Из-за глинобитной перегородки до меня доносился разговор родителей, он продолжался до самой зари, пока голос шейха не призвал их к молитве. По правде говоря, это был, скорее, длинный монолог, потому что слышался главным образом степенный голос отца. Он доказывал, ссылаясь на общественные примеры, что пытаться изменить неисповедимые предначертания всемогущего — кощунство, которое не приведет к добру.
Но мать словно ничего не слышала, ничего не понимала; она упрямо твердила все тот же довод — нелепый, но для нее неоспоримый:
— У нее нет детей. Зачем нам бесплодная женщина, когда у нас один-единственный сын?
Голос отца подчас заглушался стенаниями Идира, в ночном мраке они казались еще более зловещими. Бенито лаял, царапаясь в дверь; рядом со мной плакала во сне Аази.
— Она сама хочет ребенка, мать, сама хочет, но я не аллах и не могу его даровать, я не аллах.
После бессонной ночи, проведенной в размышлениях, я поднялся совсем измученный. Я знал, что все доводы отца разобьются об упрямство моей матери, которая могла быть и холодной, и страстной в одно и то же время и во всей Тазге считалась лишь с одним человеком — с шейхом, ибо они оба принадлежали к религиозному братству великого святого Абдеррахмана.
Я долго разыскивал шейха, прежде чем нашел его в самом темном углу мечети; он был один. За время нашего отсутствия шейх сильно изменился. Он избегал всех нас, как зачумленных; с утра до вечера сидел в мечети или в тени большого вяза на площади Паломников, без устали перебирая четки.

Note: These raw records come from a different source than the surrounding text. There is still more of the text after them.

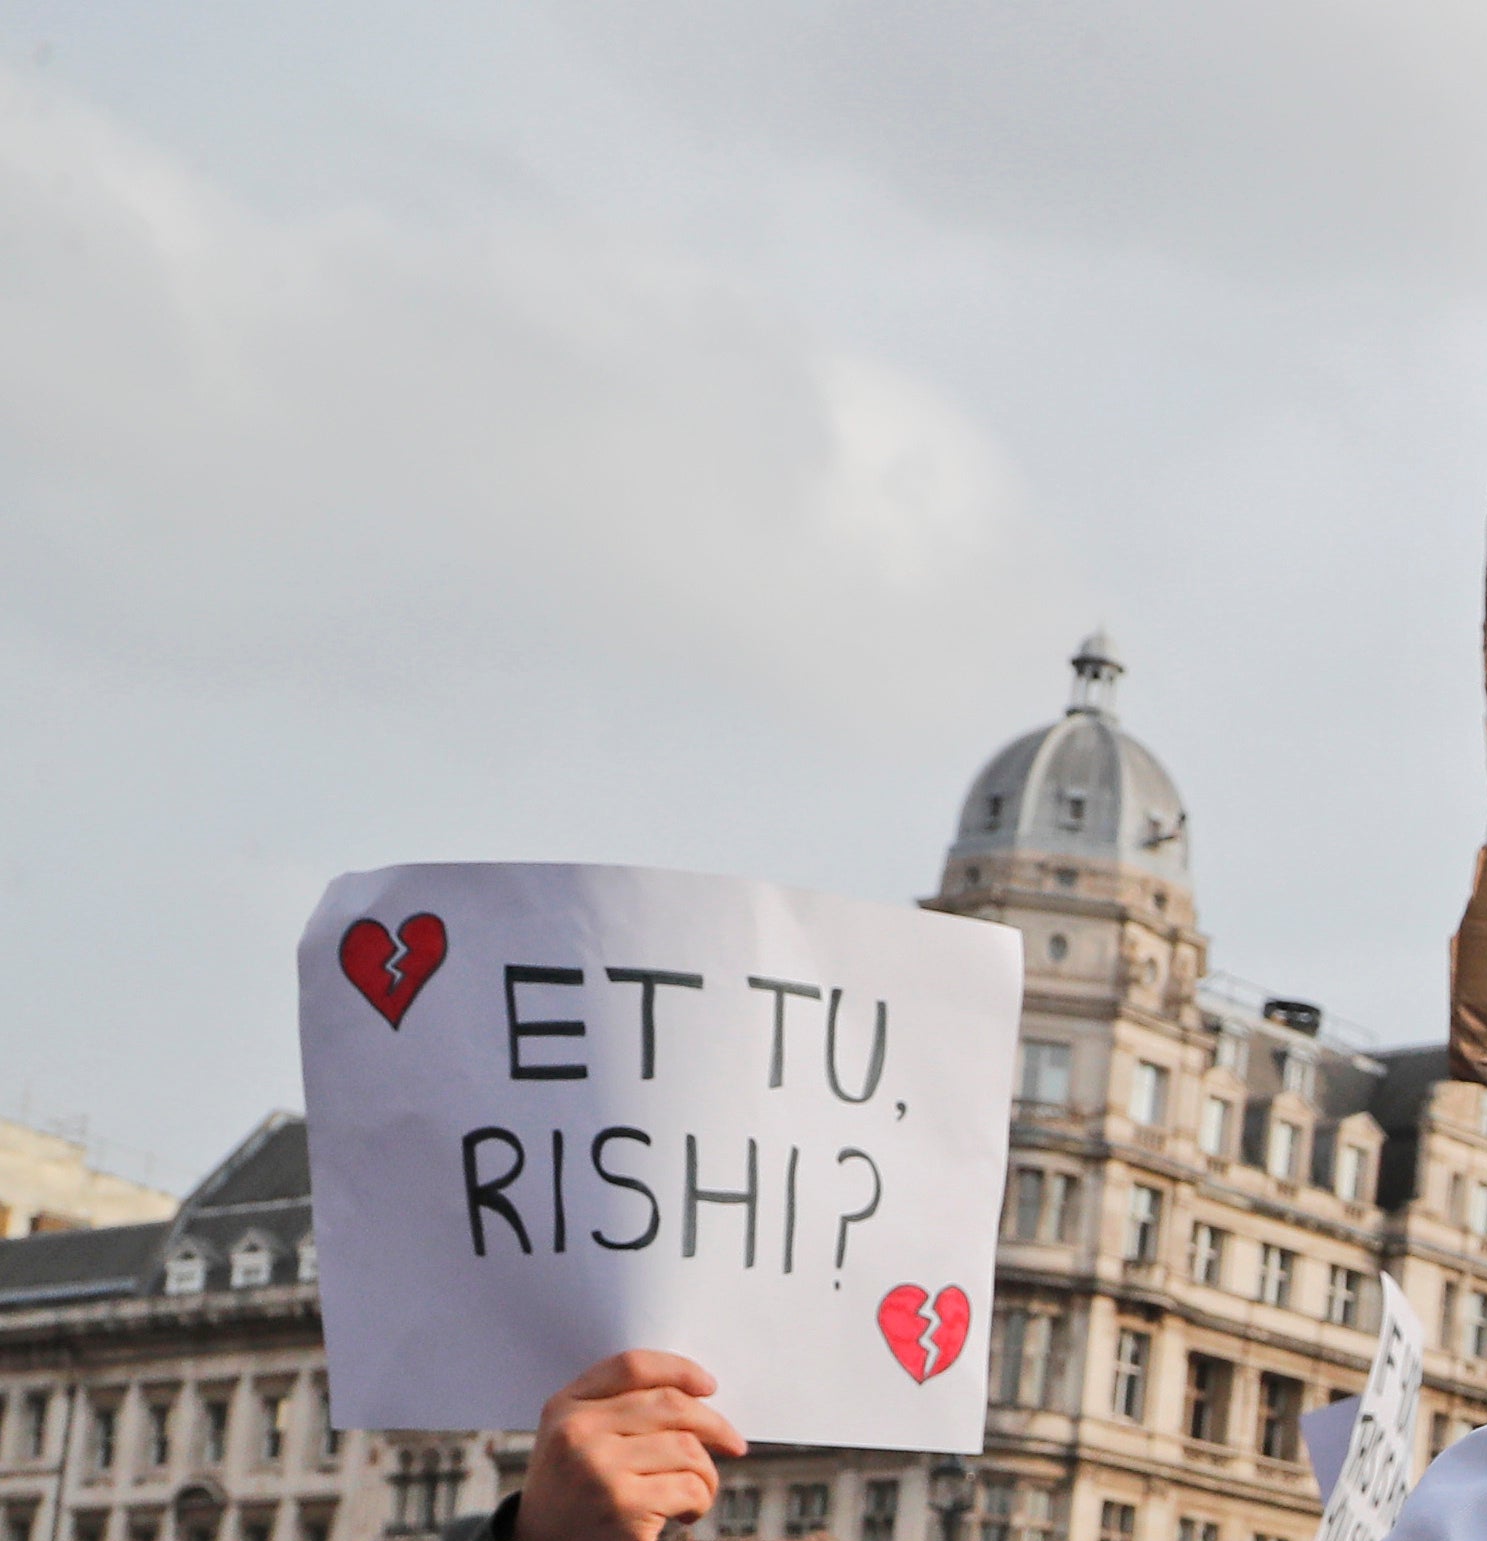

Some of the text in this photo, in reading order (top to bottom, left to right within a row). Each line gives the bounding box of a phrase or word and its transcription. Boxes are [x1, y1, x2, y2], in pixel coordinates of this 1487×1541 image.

[503, 963, 908, 1122] ET TU,
[461, 1125, 883, 1291] RISHI?
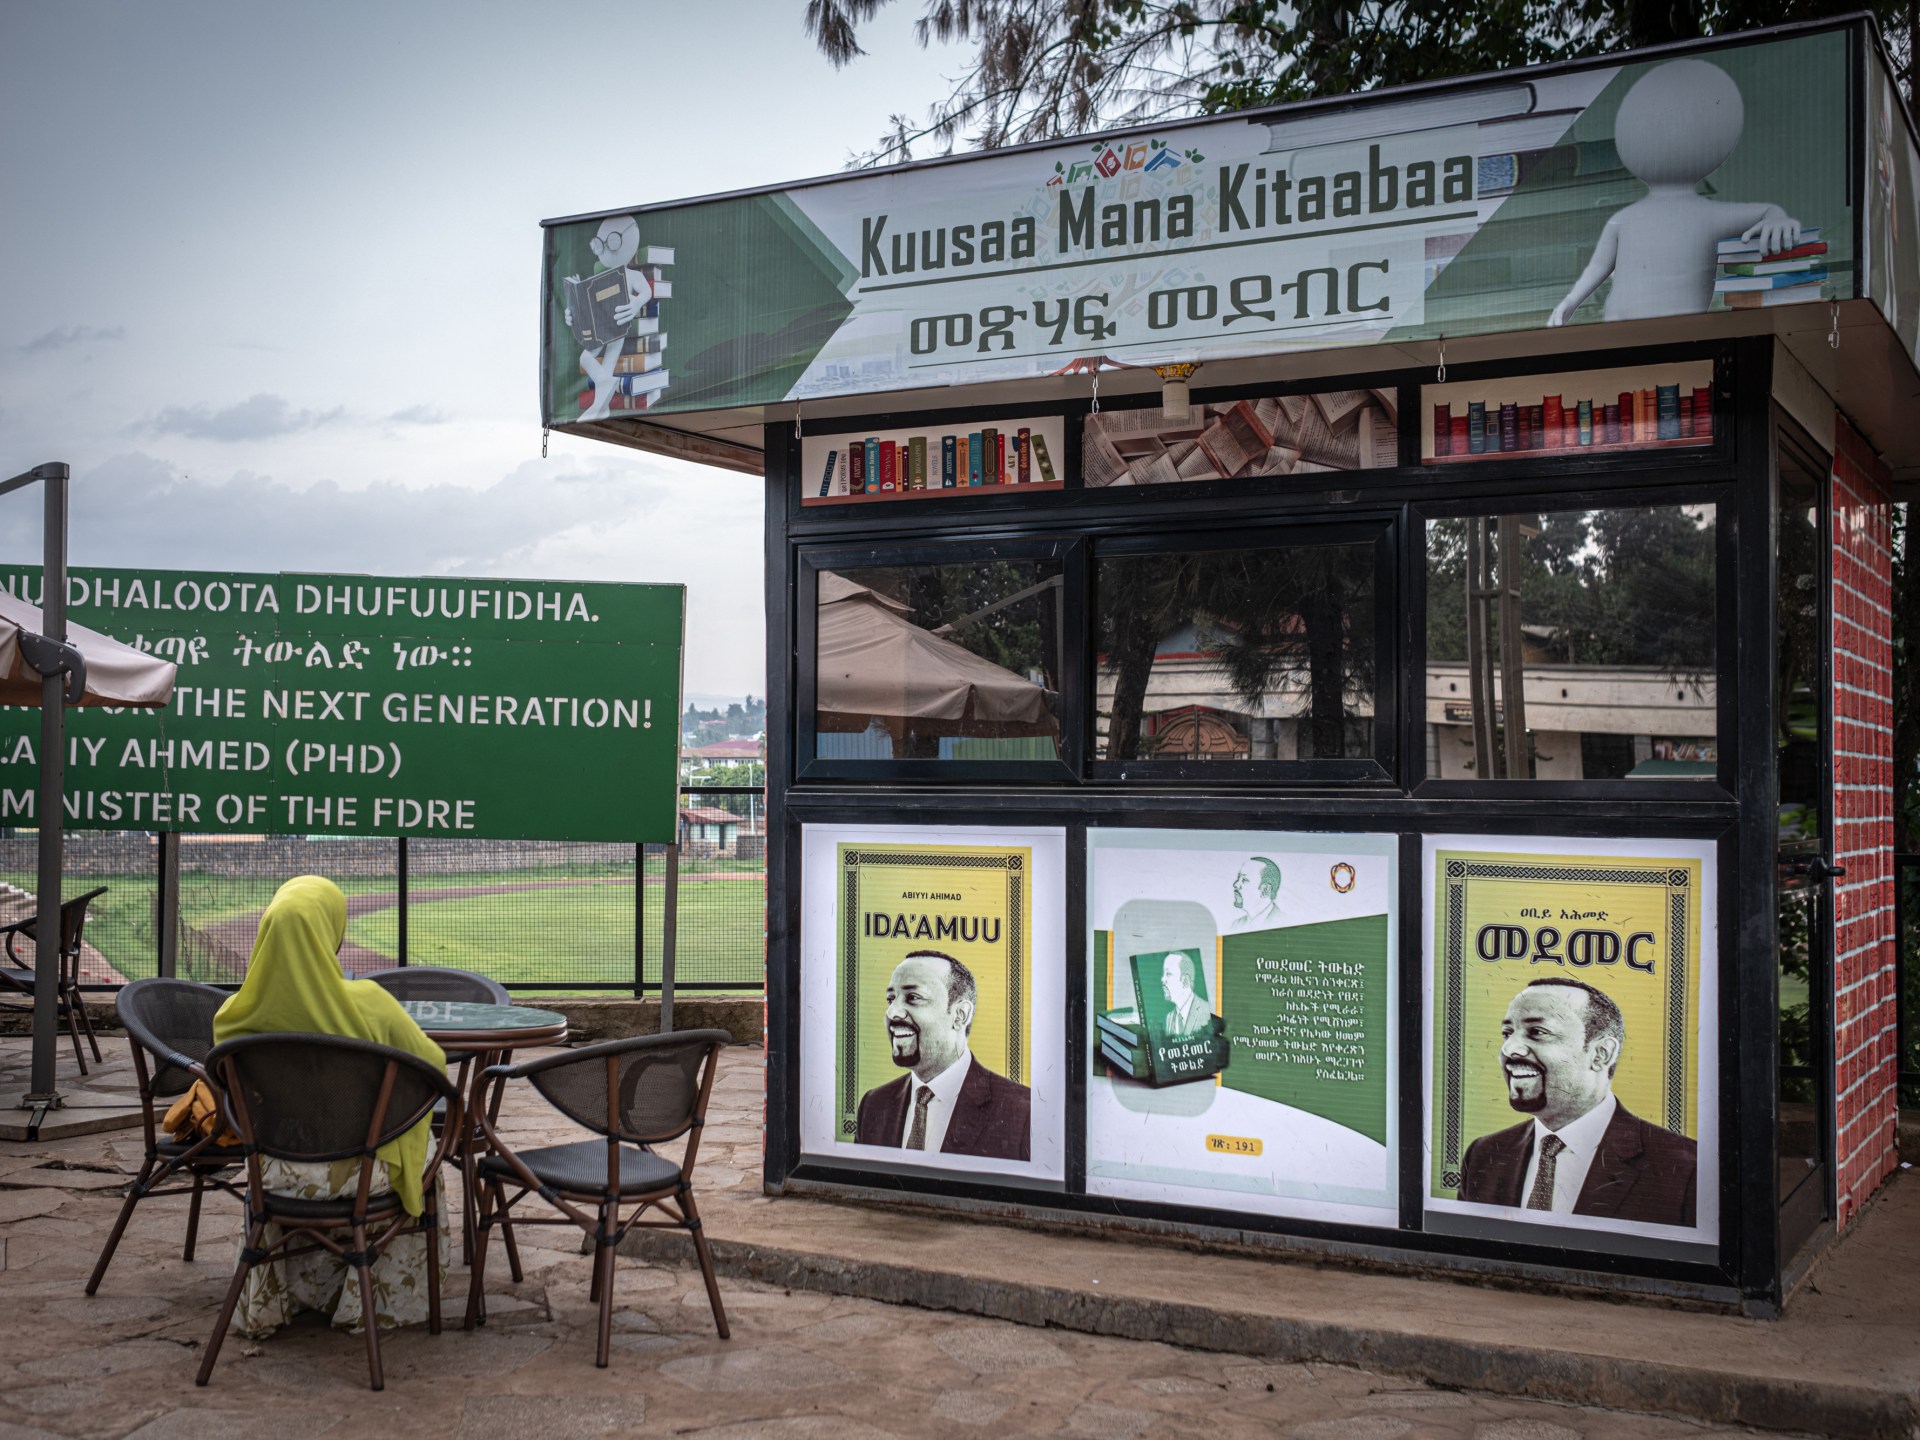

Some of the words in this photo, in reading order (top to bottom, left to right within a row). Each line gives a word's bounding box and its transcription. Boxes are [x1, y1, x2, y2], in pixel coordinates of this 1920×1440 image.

[861, 213, 1036, 279] Kuusaa
[1059, 185, 1195, 256] Mana
[1219, 144, 1474, 233] Kitaabaa
[910, 292, 1117, 355] መጽሃፍ
[1147, 258, 1391, 331] መደብር
[1007, 454, 1016, 470] ART
[66, 576, 281, 614] DHALOOTA
[296, 584, 601, 623] DHUFUUFIDHA.
[107, 633, 210, 665] ቀጣዩ
[233, 634, 371, 669] ትውልድ
[173, 686, 247, 718] THE
[262, 690, 371, 721] NEXT
[382, 692, 653, 729] GENERATION!
[119, 738, 270, 771] AHMED
[285, 738, 402, 779] (PHD)
[2, 788, 201, 823] MNISTER
[215, 793, 268, 824] OF
[280, 796, 358, 827] THE
[373, 798, 476, 829] FDRE
[902, 891, 928, 901] ABIYYI
[930, 892, 962, 901] AHIMAD
[864, 911, 1001, 944] IDA'AMUU
[1256, 957, 1313, 973] የመደመር
[1318, 960, 1365, 976] ትውልድ
[1475, 923, 1656, 975] መደመር
[1158, 1040, 1213, 1062] የመደመር
[1170, 1057, 1205, 1073] ትውልድ
[1235, 1141, 1255, 1152] 191
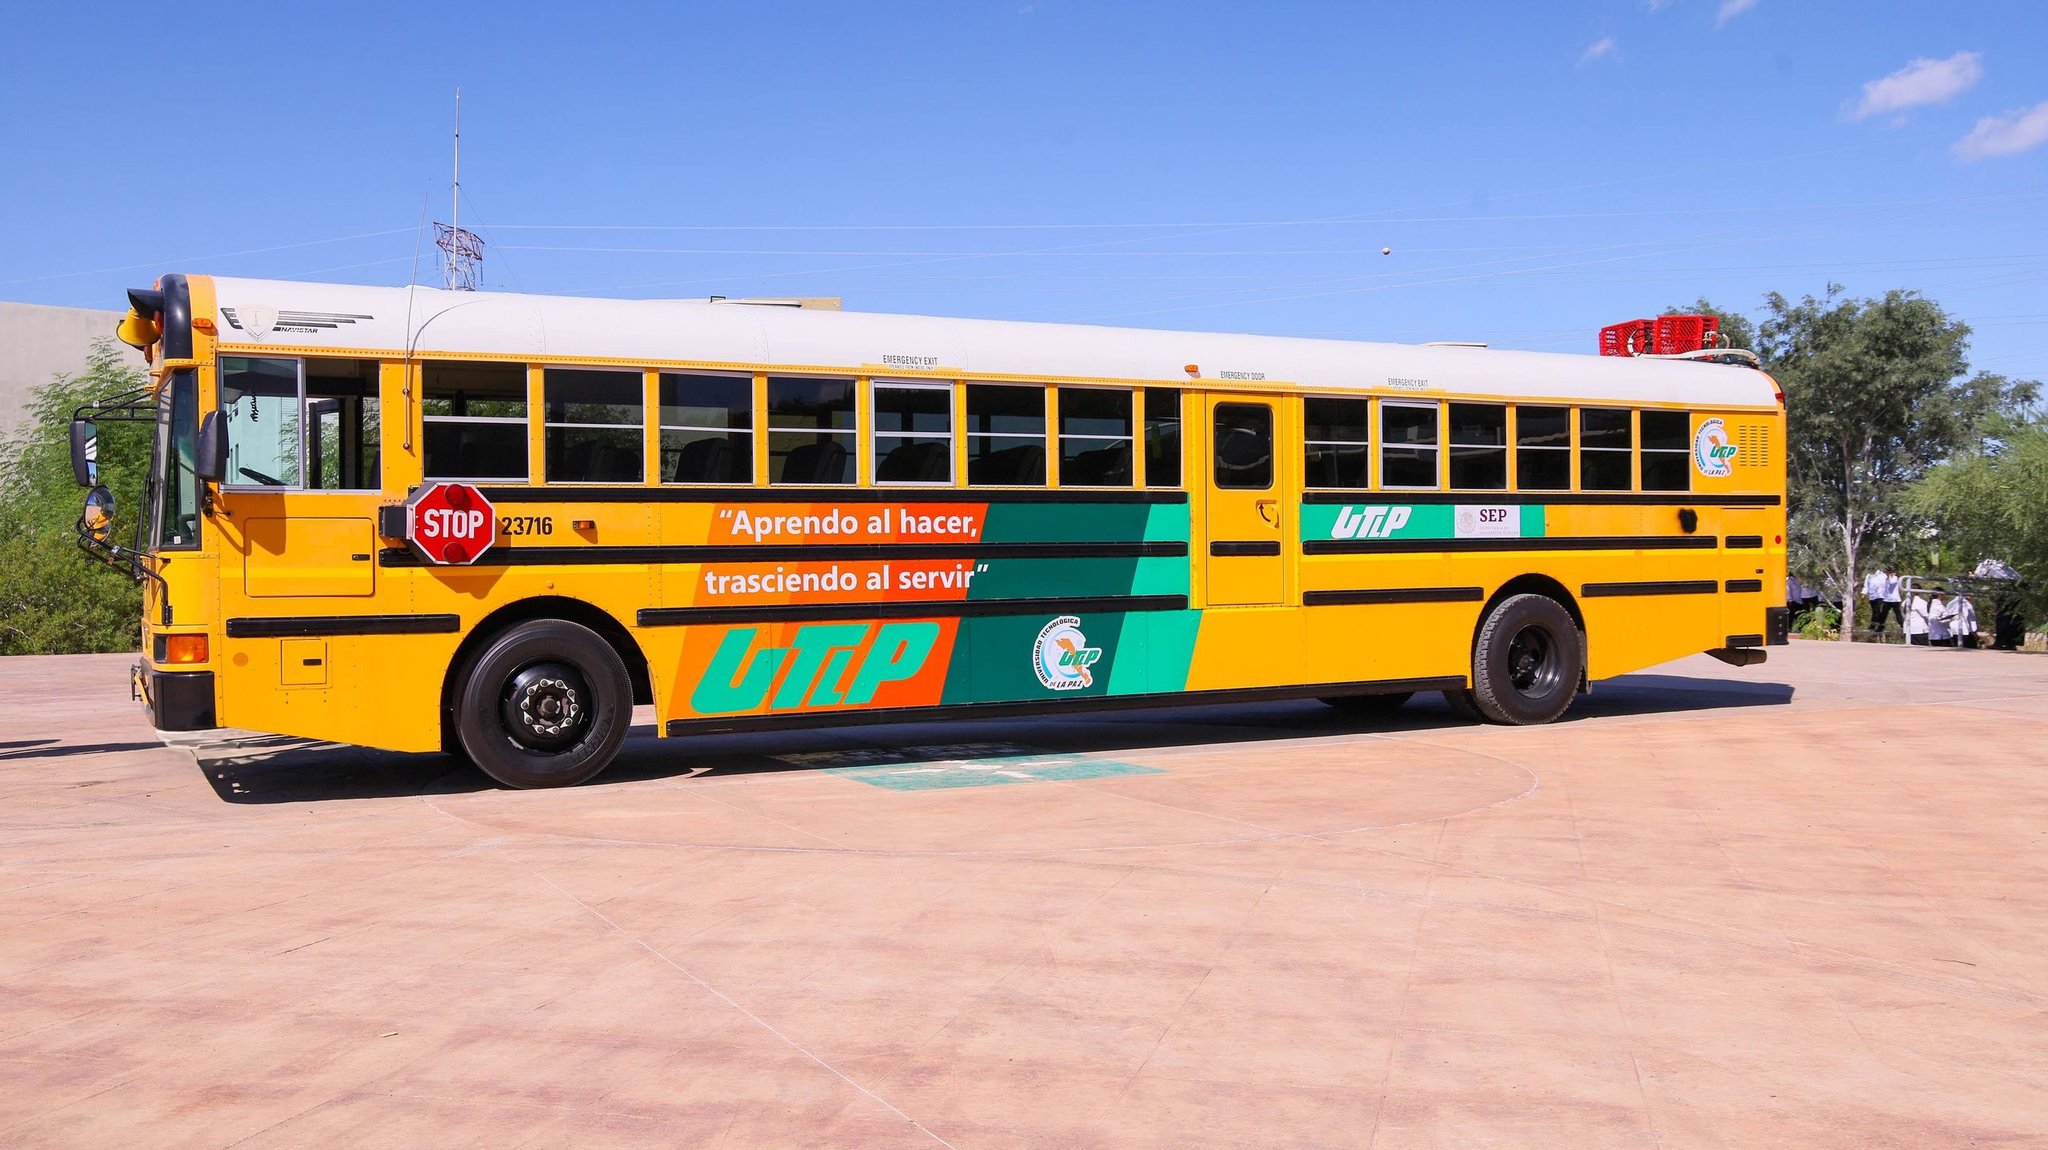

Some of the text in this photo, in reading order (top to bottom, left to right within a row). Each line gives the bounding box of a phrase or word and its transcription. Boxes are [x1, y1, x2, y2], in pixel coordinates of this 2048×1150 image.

Он еле ответил на мое приветствие, а зернышки амбры продолжали струиться между его пальцами. Пока я рассказывал обо всем, глаза его были опущены, а губы беспрерывно что-то шептали. Слушал ли он меня? Когда я кончил, он ничего не ответил. Я ждал, ждал долго, бесконечно долго; потом шейх, подняв на меня блестящие черные глаза, неторопливо спросил:
— Все?
— Все, — отвечал я.
— Мне жаль тебя, жаль Тамазузт, твою жену, но с твоей матерью говорить я не буду.
Он долго объяснял мне, почему именно не будет говорить, причем мало-помалу терял самообладание, чего я прежде никогда за ним не замечал. Наконец он совсем вышел из себя.
— Проклятые! Теперь все прокляты, а вы — всего лишь две овцы из большого стада. Вы прокляты потому, что сошли с пути праведного… Вот уже два года, как в Тазге не совершали тимешрета, а вы еще спрашиваете: почему война?.. Ты хотел защищать неверных от других неверных и не подумал взять с собою горсточку земли с могилы Абдеррахмана… В такое время, когда даже мужчины заблуждаются, когда на всех вас повеяло ветром безумия, как же, по-твоему, женщине идти праведной стезей? Я ничего не скажу твоей матери… А ты, выученик руми, сделай вот что: ступай с Тамазузт в деревню Ат-Смаил на могилу Абдеррахмана; ты принеси свою гордыню, а жена твоя пусть принесет свое горе на алтарь всевышнего. Его милосердие бесконечно, и он всегда внимает молящимся.
Я вышел из мечети опечаленный и в то же время подбодренный. Почему сердце мудреца исполнено такой горечью? Правда, мы ни в этом, ни в том году не совершали тимешрета, но ведь это дело поправимое. Да и у нас есть оправдание — война, в которой мы едва не приняли участия, так ничего и не поняв.
Поражение и немецкая оккупация вернули в Тазгу почти всех молодых людей. Никогда еще улицы и площади у нас не были так шумны и многолюдны. Здесь можно было встретить самые разнообразные наряды: возвратившиеся из Франции еще ходили в беретах и брюках, это разрешалось потому, что теперь уже стало трудно, даже за большие деньги, доставать материю, чтобы сшить одежду, какую носили наши предки; приехавшие из арабских стран ходили в тюрбанах и широких шароварах; кое-где мелькали даже марокканские джеллабы[14]. Разнообразию одежд соответствовала пестрота мыслей. В мире, где изменчивый военный успех ставил все под сомнение, в мире глубоко потрясенном каждый искал путей к возрождению: одни вспоминали былое величие ислама и мечтали воскресить его с помощью новых средств; другие, работавшие бок о бок с французами, помышляли о всемирном союзе пролетариев; были и такие, которые ни о чем не думали; такие, кто копили деньги.